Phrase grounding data
━━━━━━━━━━

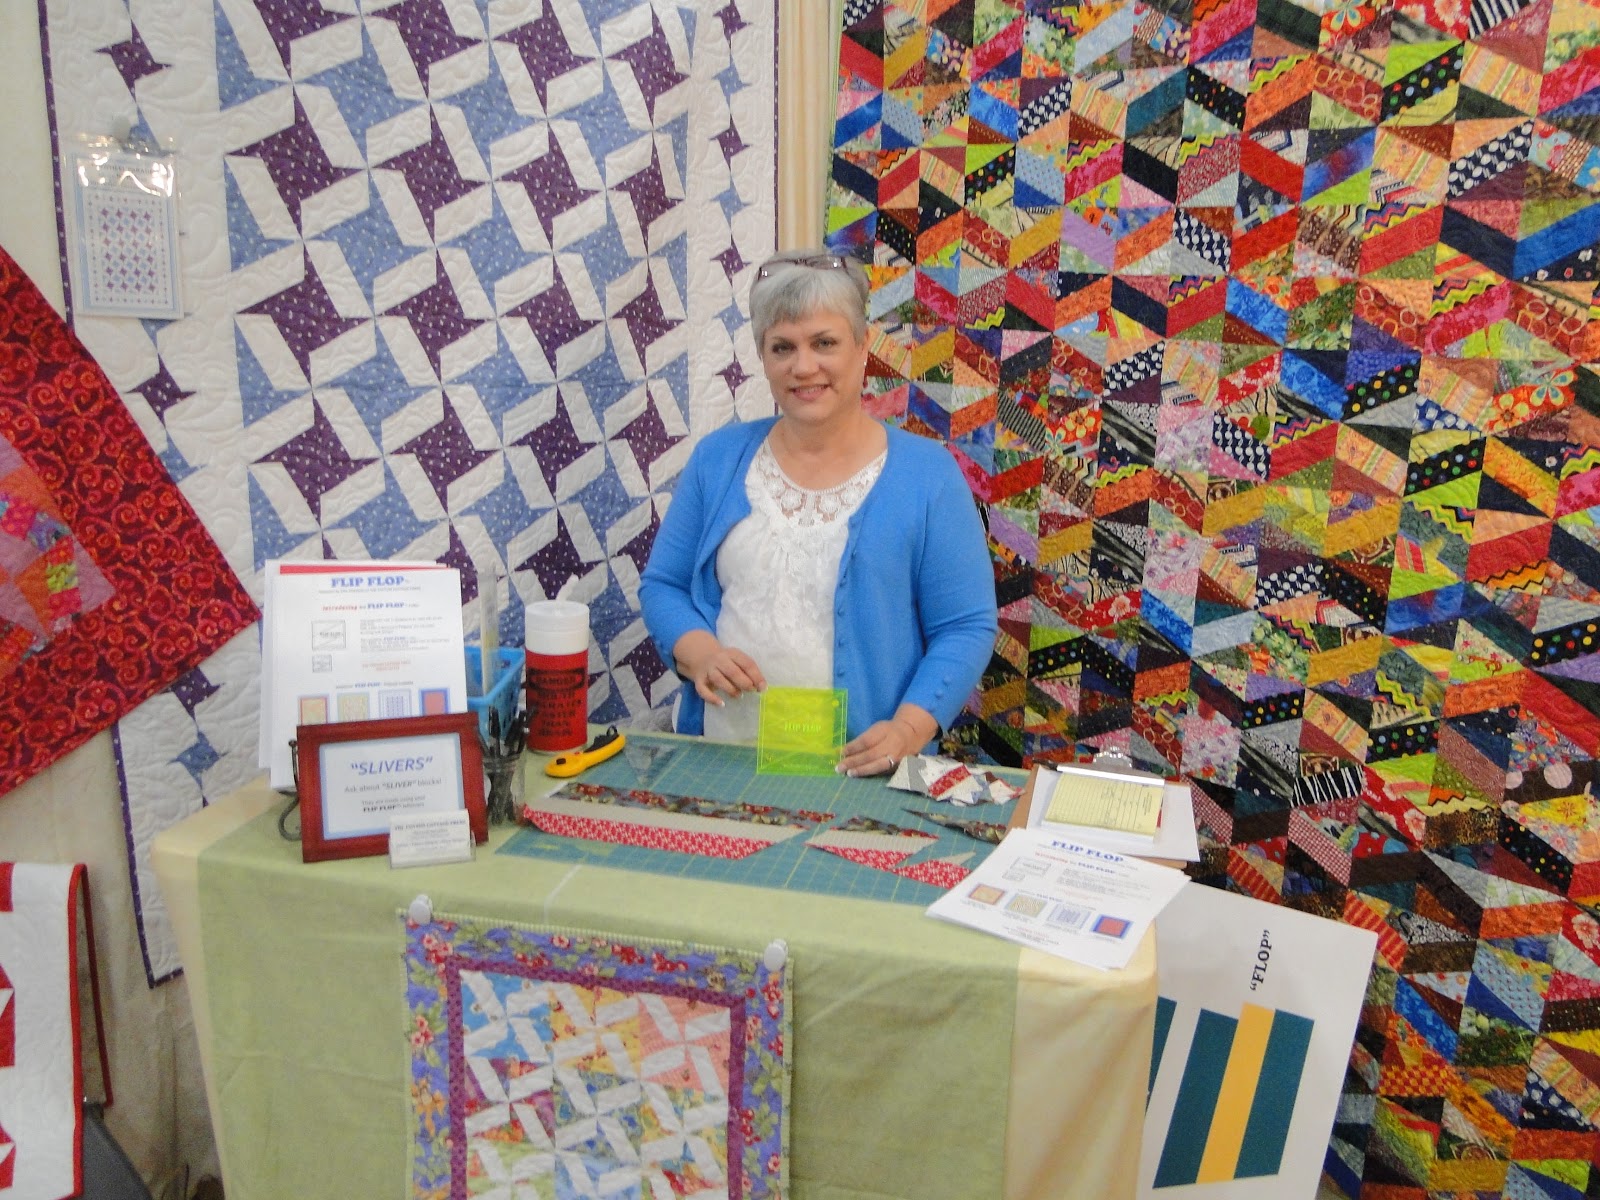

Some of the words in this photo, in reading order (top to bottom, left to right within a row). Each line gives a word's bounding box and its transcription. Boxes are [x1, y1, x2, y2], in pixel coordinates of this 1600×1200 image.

[331, 577, 364, 588] FLIP
[367, 575, 405, 586] FLOP
[351, 755, 434, 776] “SLIVERS”
[344, 785, 357, 793] Ask
[359, 783, 380, 792] about
[1052, 840, 1084, 853] FLIP
[1086, 848, 1124, 863] FLOP
[1249, 929, 1272, 991] “FLOP”

━━━━━━━━━━

→ PROBLEM TO SOLVE
Write the data out again exactly, but without its images.

→ REPLY
Some of the words in this photo, in reading order (top to bottom, left to right within a row). Each line gives a word's bounding box and its transcription. Boxes are [x1, y1, x2, y2], in pixel coordinates of this 1600×1200 image.

[331, 577, 364, 588] FLIP
[367, 575, 405, 586] FLOP
[351, 755, 434, 776] “SLIVERS”
[344, 785, 357, 793] Ask
[359, 783, 380, 792] about
[1052, 840, 1084, 853] FLIP
[1086, 848, 1124, 863] FLOP
[1249, 929, 1272, 991] “FLOP”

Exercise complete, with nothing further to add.